In the civic body, the ruling allies Shiv Sena and BJP are at loggerheads on various issues, from the meat ban (supported by BJP and opposed by Sena) to the Smart City debate.
The NCP and Congress stand united and, with the vocal MNS and Samajwadi Party, the opposition stands strong. However, what happens inside the standing committee meetings and in the house of BMC mostly remains inside, and does not impact voters. Unlike at the Lok Sabha, the BMC proceedings are not telecast live.
Meanwhile, the BJP and Shiv Sena, in all likelihood, will go their own ways. It seems that the BJP is expecting to repeat what it did in the KDMC. It is the largest party in Mumbai with the highest number of MLAs, followed by the Shiv Sena.
What works for the BJP is that its vote banks — Gujarati and North Indian voters — remain intact, but unlike the Shiv Sena, the party doesn’t have a grassroots network. The Sena has an active network of shakhas, and corporation elections are won with on-the-ground support. People also vote not just for the party or the flag — often, voters swing in favour of the candidate. Hence, there are many independents who represent wards in the BMC.

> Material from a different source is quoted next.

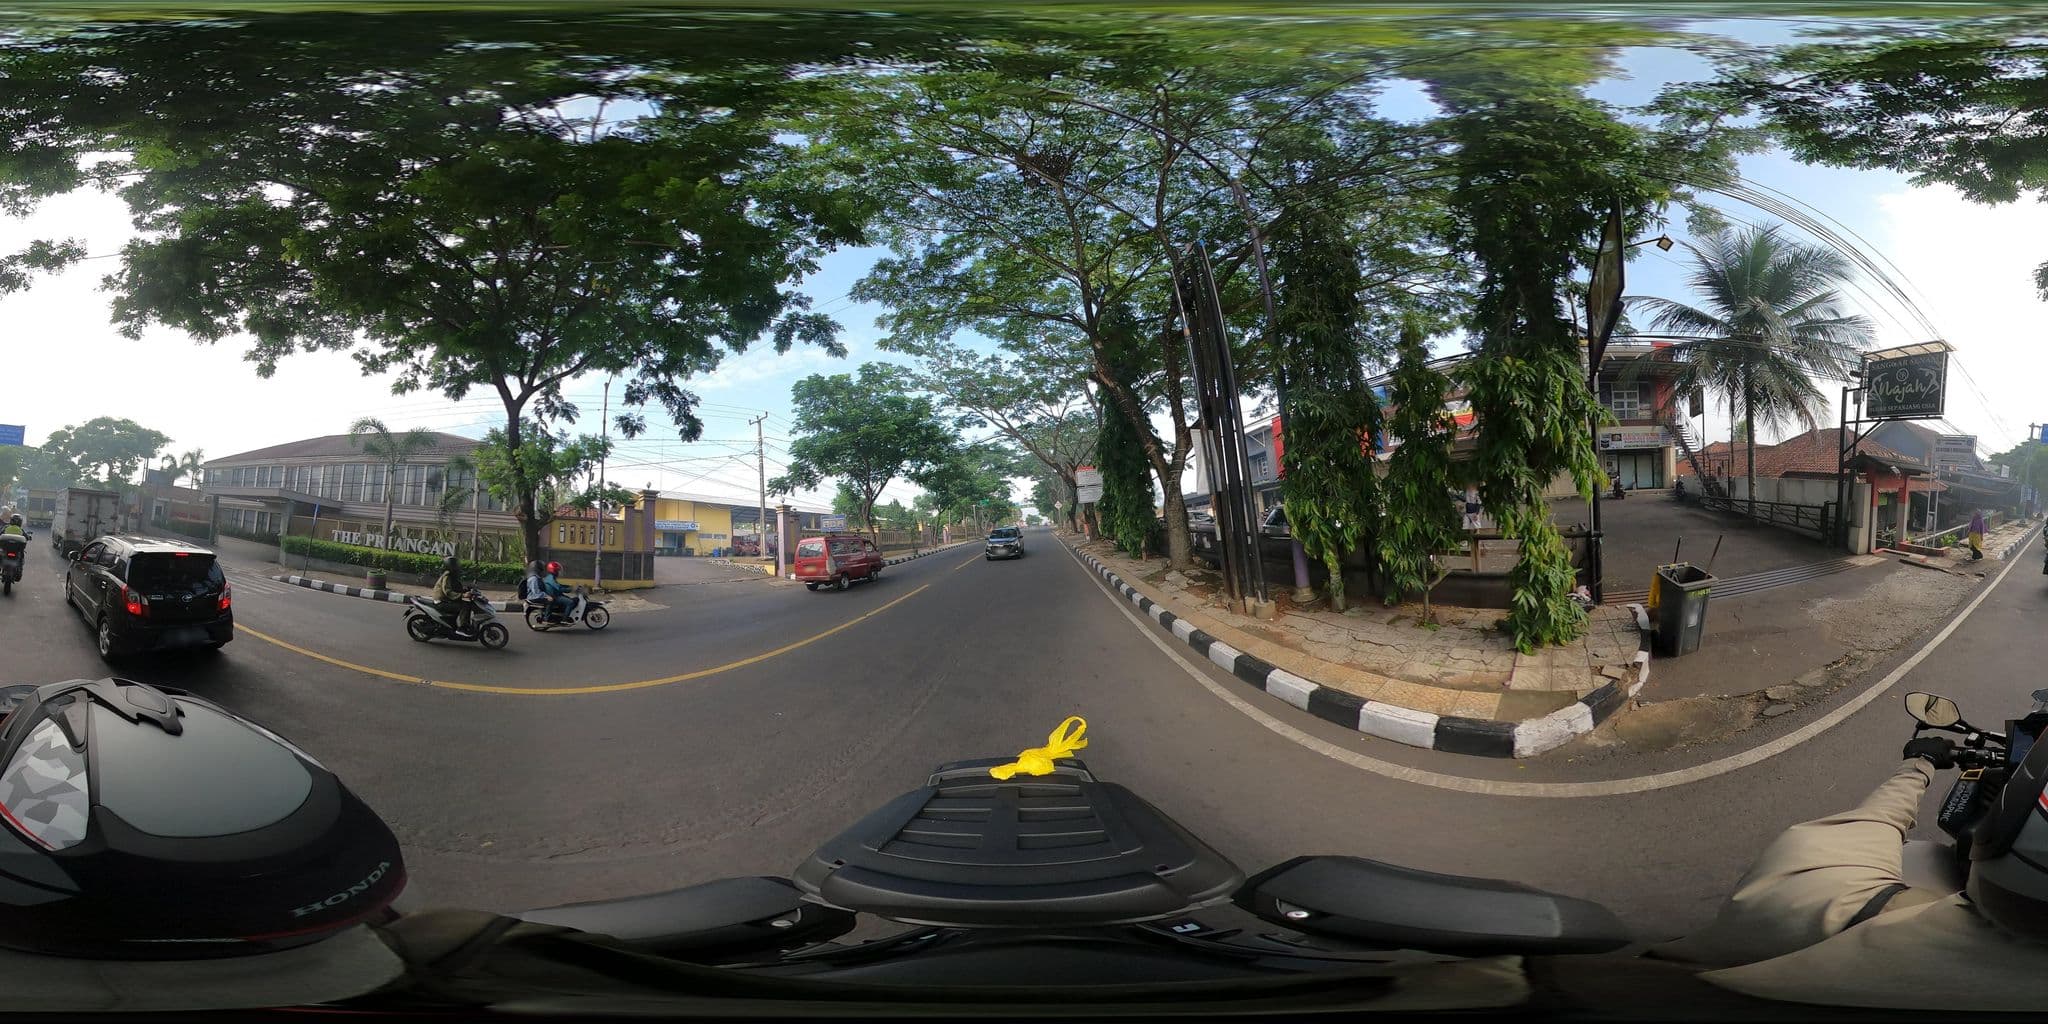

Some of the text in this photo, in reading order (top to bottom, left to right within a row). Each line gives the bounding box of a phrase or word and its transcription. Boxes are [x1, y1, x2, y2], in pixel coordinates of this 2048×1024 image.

[332, 529, 456, 557] THE PRIANGAN
[292, 862, 390, 916] HONDA

The Sena’s voter base — the Marathi belt — was divided in 2012, owing to the emergence of the MNS. However, this time the Sena expects these votes to come to it in abundance, with the MNS losing its strongholds.
Also in Mumbai, there are large vote banks from the Konkan region — these voters have always supported the Sena. Narayan Rane and other leaders had eaten into this vote share in the past. But even these votes are expected to swing towards the Sena, as is evident by Rane’s loss in Bandra (east) during the recent bypolls.
On the other hand, the BJP is trying to target the Marathi vote bank via its city unit chief, Ashish Shelar. Having two party group leaders from the Gujarati community —first Dilip Patel, then Manoj Kotak — the BJP also wants to keep its Gujarati vote bank intact.
The Congress, with a north Indian chief, Sanjay Nirupam, is trying two tactics. First, it wants to attract north Indians who deserted the party in the last two major elections. Second, with former Sainik Nirupam on board, the party has been able to target the ruling party in the BMC.
Smaller parties try to get a foothold
There are smaller but significant parties too, like the Samajwadi Party (SP), which in the last four years has made significant impact inside the BMC. However, these elections will prove how much it has impacted its possible voters.
New entrants like AIMIM, which in its Mumbai debut won one seat and impacted many others in the Muslim belt, is a direct threat to the SP and the Congress party.